3:28 p.m.: Russia's Foreign Ministry says it is expelling Bulgarian and Polish diplomats in a tit-for-tat move after Sofia and Warsaw sent home Russian diplomats last month. Russia has declared two Bulgarian diplomats and 45 Polish embassy and consulate staff "persona non grata" in retaliation for the equivalent number of expulsions from the two countries, Radio Free Europe/Radio Liberty reported.

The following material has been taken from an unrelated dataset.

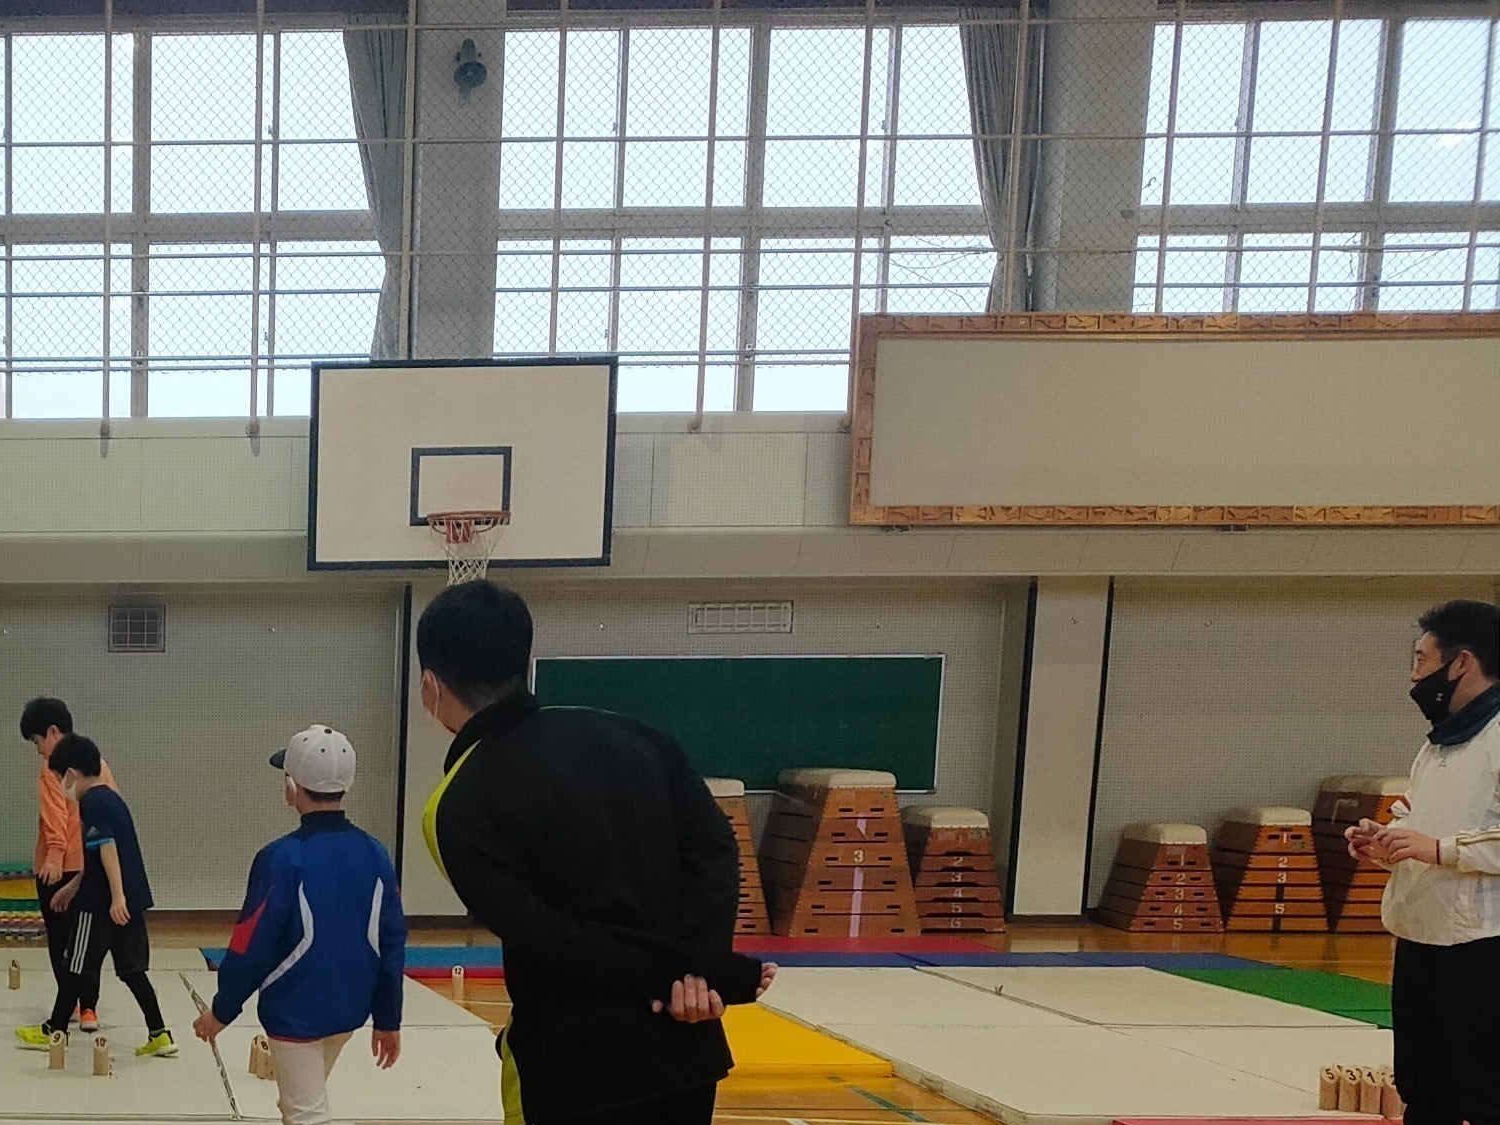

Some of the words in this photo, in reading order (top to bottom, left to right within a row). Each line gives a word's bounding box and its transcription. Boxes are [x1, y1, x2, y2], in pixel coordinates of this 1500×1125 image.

2:26 p.m.: The U.N. Secretary-General on Friday condemned the strike on the Kramatorsk railway station in eastern Ukraine, as well as other attacks against civilians and civilian infrastructure. “They are gross violations of international humanitarian law and international human rights law, for which the perpetrators must be held accountable,” his spokesman Stephan Dujarric said in a statement. The UN chief reiterated his appeal “to all concerned to bring an immediate end to this brutal war,” the statement said.

2:03 p.m.: A senior U.S. defense official briefed journalists on the latest developments in Ukraine Friday. The official said that the U.S. assess “Russia did strike the train station in Kramatorsk, Ukraine.” He said the U.S. is “not buying” Russian denials about the missile strike, and says the train station was hit by a Russian SS21 ballistic missile, likely because it was seen by Russia as a strategic transportation hub. VOA National Security Correspondent Jeff Seldin has more.

1:54 p.m.: A Ukrainian woman living in Argentina has been struggling to reach her loved ones back home. VOA’s Gonzalo Banez Villar has this story.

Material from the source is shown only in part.